We start from a business need with a tangible value. We then work with your people to simplify the processes, automate what we can using AI technologies, and create analytics-embedded technology solutions that convert data into decision recommendations. Now you are making decisions in a timely manner, enabled by processes that happen at the speed of data.
And we do this in a way that your next need can be addressed faster and cheaper because the process and technology are designed to leverage what has already been built.
HOW WE HELPED SOLVE (REAL CASES)
Dynamic Lead Generation
Instead of analyzing select customer segments, we developed a dynamic lead generation process that uses AI to identify high-propensity leads. We enabled and sustained the process using an application using Big Data technologies that combined Salesforce.com, D&B, internal orders, and external industry data – solving the problems of duplicate records, dirty customer information using machine learning techniques. This enables timely targeting using all available data, where the users focus daily on reviewing the recommended leads before handing them off to sales. The immediate impact on bookings and market share.
We flipped the script on the sales process. Instead of an account executive spending 80-90% preparing, we developed a process that allowed them to spend 80-90% in front of customers and prospects. Using AI to create a recommended list of weekly meeting targets and using AI to capture the sales meeting notes, we helped the account executives to prepare quickly and eliminated the need to spend time updating the CRM system. Immediate impact on pipeline and bookings.
Instead of ad hoc review of guidelines and losing margin because they are not tuned, we developed an exception-based process that uses AI to identify when guidelines are out of control at a product and customer segment level. We enabled and sustained the process with an application using Big Data technologies that track guidelines by product, customer and deal. The algorithms identify quickly when discount variances emerge and the causality. Variances are reviewed as and when they pop up and guidelines are adjusted before they lead to lost margin. Guidelines are applied automatically to new quotes and only exceptions are reviewed by analysts for further analysis and approval.
We didn’t change the process, but we built a Big Data based AI application that tracked shipments in real-time and predicted the ETA. The application monitors the flow of every shipment and identifies bottlenecks along the way that can derail it. It then recommends to the logistics manager cost-optimal alternate routes that may still be possible for recovery.
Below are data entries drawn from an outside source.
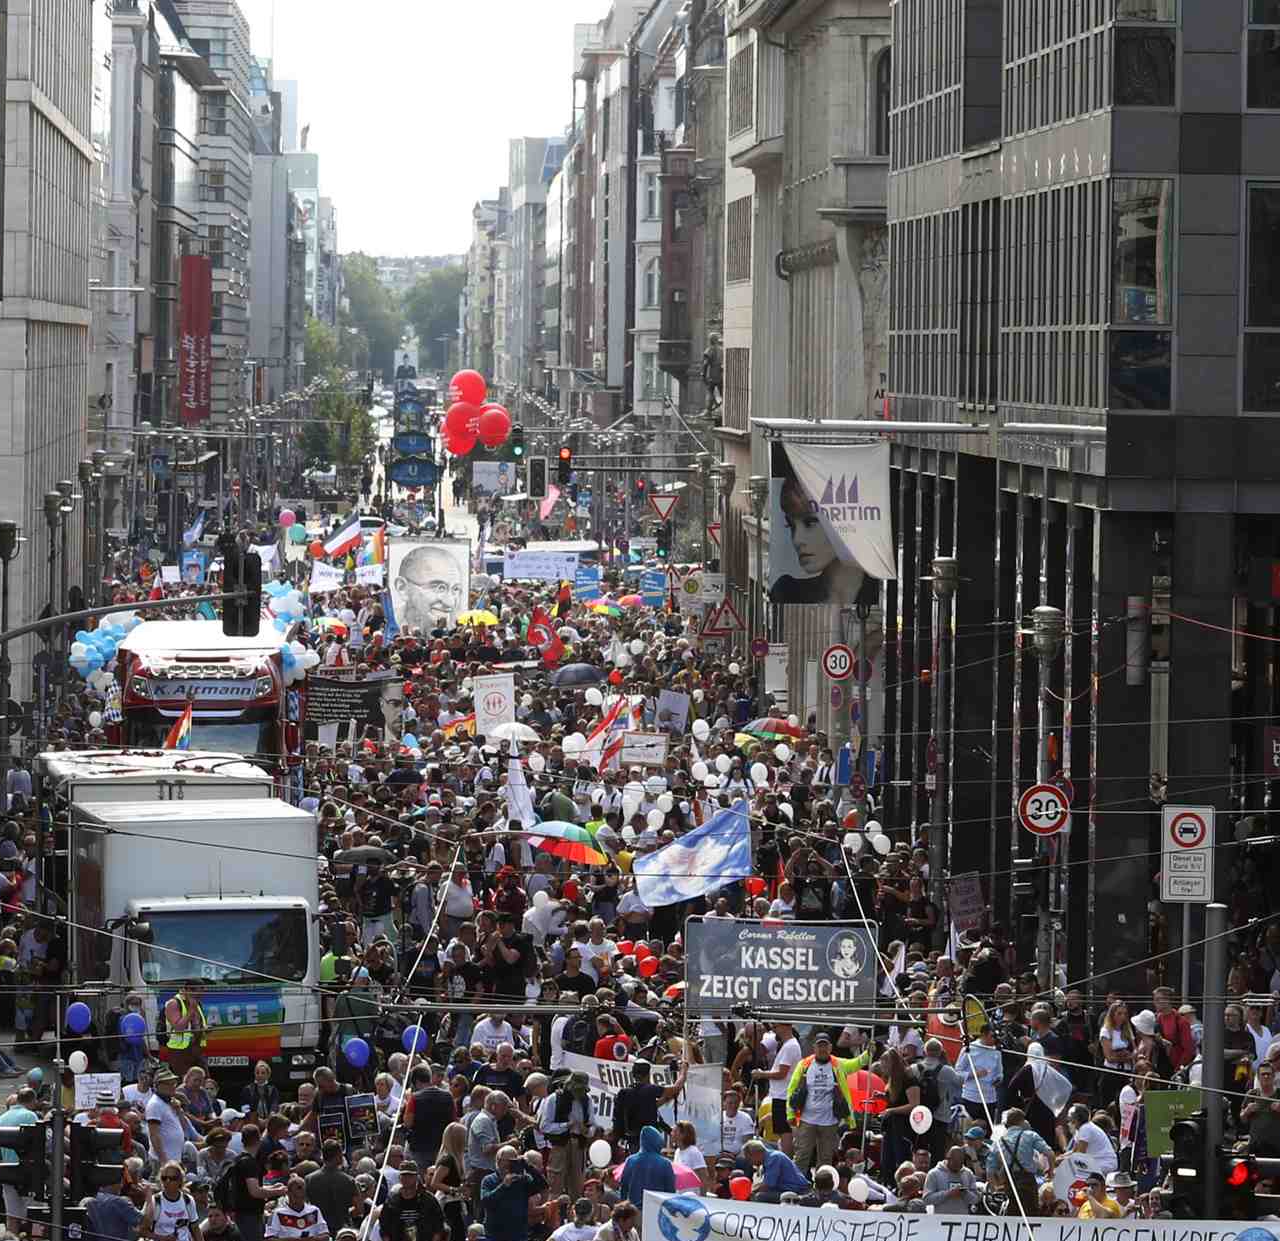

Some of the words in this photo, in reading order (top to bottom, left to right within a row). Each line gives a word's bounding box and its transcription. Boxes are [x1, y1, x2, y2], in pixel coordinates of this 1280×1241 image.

[829, 653, 848, 671] 30
[1029, 799, 1059, 822] 30
[738, 929, 773, 941] Corona
[776, 928, 817, 941] Rebellen
[740, 946, 819, 971] KASSEL
[699, 975, 762, 999] ZEIGT
[767, 977, 860, 1003] GESICHT
Real-Time Supply Chain Sense and Response
We segmented the supply chain and tuned the configure-to-order process and metrics using AI to proactively manage the orders by predicting exceptions and recommending the appropriate responses. We then built an AI-based application to stream all the supply chain data from SAP, MES, and supply chain partners to create a real-time digital twin of the supply chain that monitored and predicted order flow and material consumption. This enabled real-time visibility and advanced notification to customers, and a high-velocity, high-predictability supply chain. Like Amazon, the customer promised, tracked and delivered on-time, in-full, no errors.
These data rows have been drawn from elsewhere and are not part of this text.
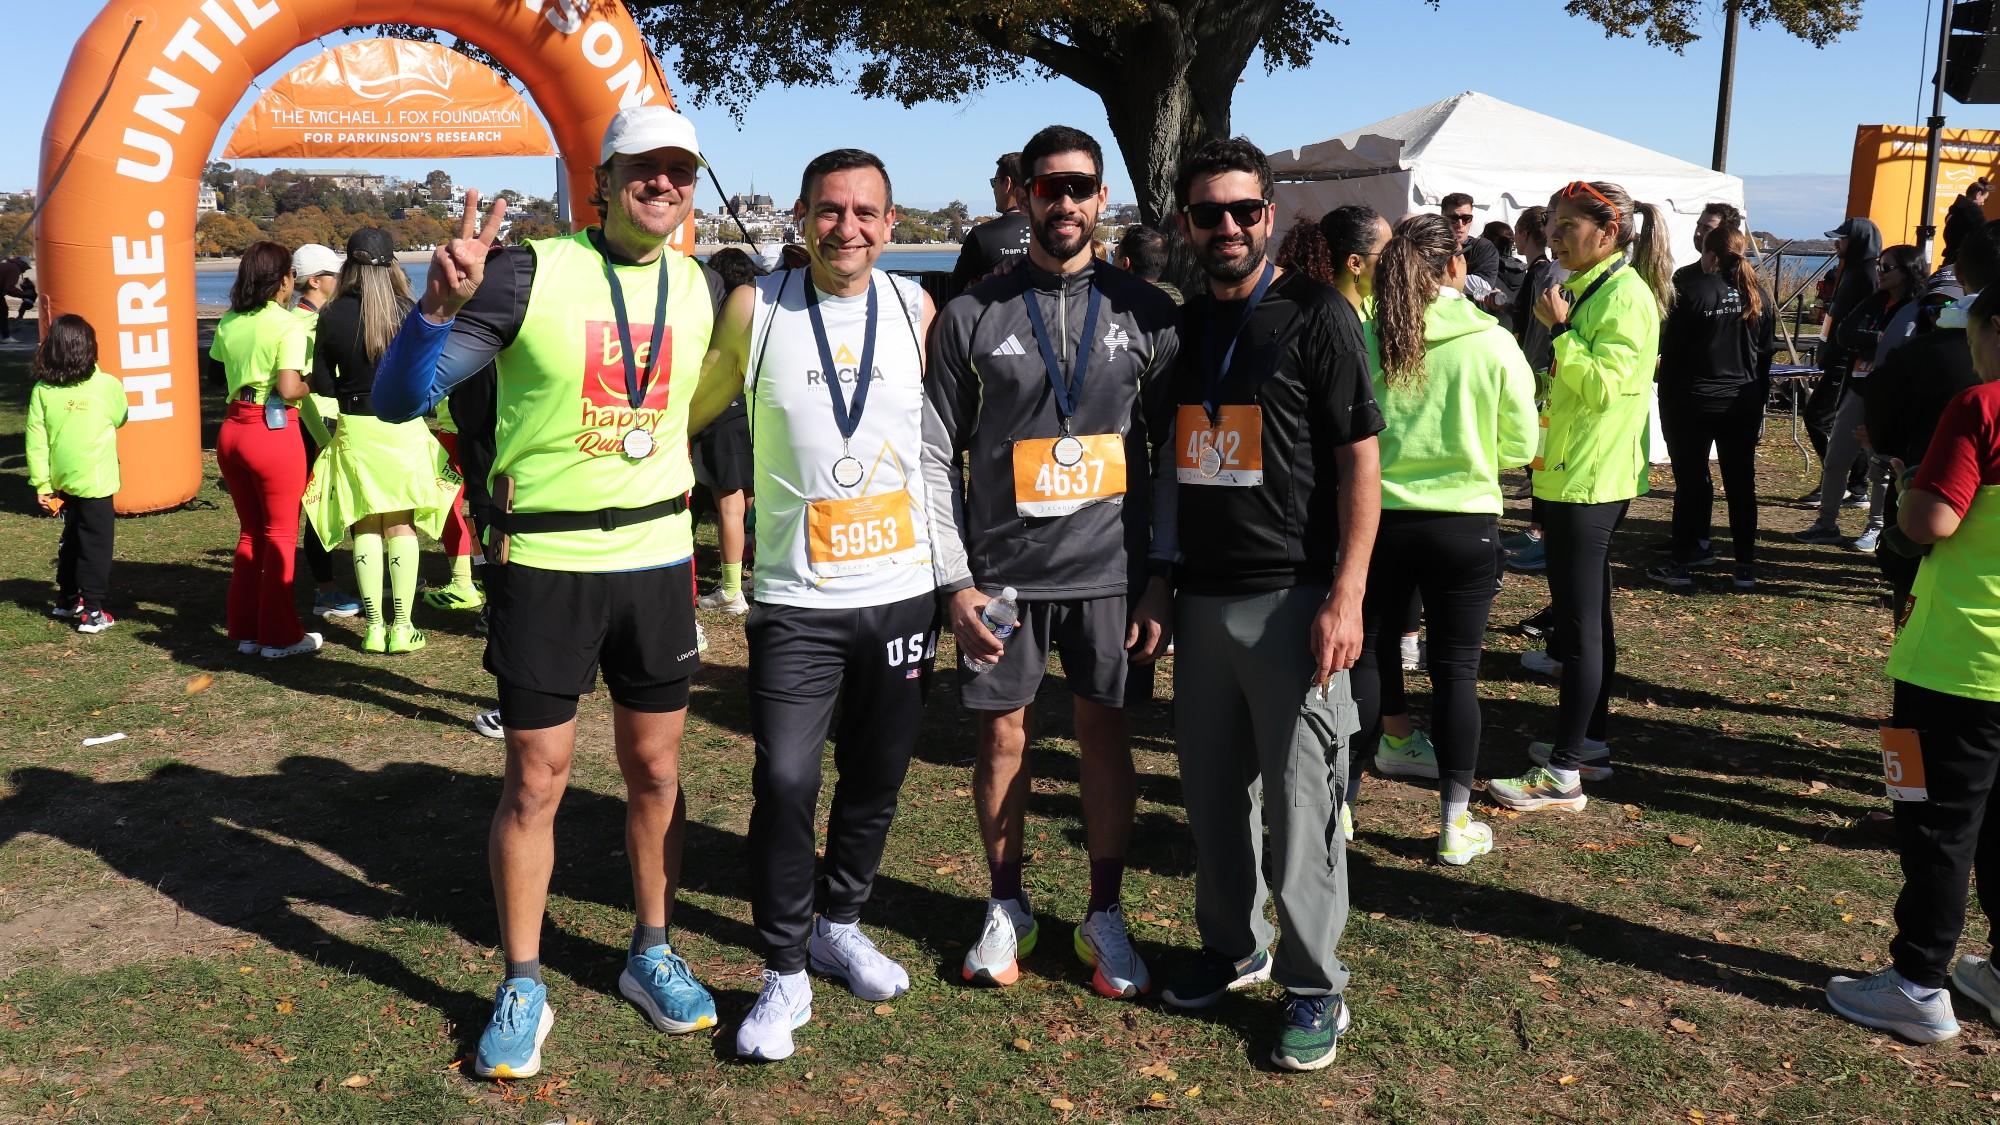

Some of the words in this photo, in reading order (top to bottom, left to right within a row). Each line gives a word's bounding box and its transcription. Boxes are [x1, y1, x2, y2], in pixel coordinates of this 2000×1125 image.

[116, 0, 281, 183] UNTIL
[271, 109, 305, 124] THE
[309, 110, 380, 124] MICHAEL
[383, 111, 395, 124] J.
[399, 110, 429, 124] FOX
[433, 109, 521, 124] FOUNDATION
[303, 132, 333, 143] FOR
[338, 132, 432, 143] PARKINSON'S
[436, 131, 502, 142] RESEARCH
[1000, 247, 1021, 255] Team
[112, 210, 174, 422] HERE.
[581, 401, 664, 437] happy
[1035, 459, 1105, 497] 4637
[830, 516, 898, 558] 5953
[886, 630, 936, 667] USA
We believe that S&OP should be a primary collaborative decision-making process within the enterprise that shapes demand and supply to meet financial goals. So, Finance, Sales and Operations Planning (FS&OP). We re-engineered the textbook S&OP process that is about preparation and meetings, to one that is about moving demand and supply levers to meet financial plans. We built an AI-based application that integrated real-time data from CRM, ERP, and SCM to identify demand-supply mismatches. In the meeting, the team could then test available demand and supply shaping options to evaluate financial impact on revenue, share, margin and assets. Walking out of the meeting every week, they knew what decisions they were going to implement that would shape the business beyond lead time. No more fire-fighting and finger-pointing. Actual collaborative business management.
We took real-time telematics data and using AI-techniques developed a predictive maintenance application. We then extended it to monitor driver and equipment behavior. And then, we combined that information with financial data to predict new equipment purchases to help sales and identify service requirements to help the supply chain have the right parts inventory. Created links between processes that didn’t exist and captured value that was known to exist but could never previously be targeted.
Instead of post-mortem reports, we built an Executive Value Dashboard that integrated targeting, pricing and supply data to show executives in real-time how their business was doing. What the gap to AOP was predicted to be, and what was hot and what was not, so they could have their organization take advantage of opportunities and minimize downside. They are now able to steer the business looking out through the front-windshield. Not BI, but AI to help them “Control” their business and keep the commitments they made.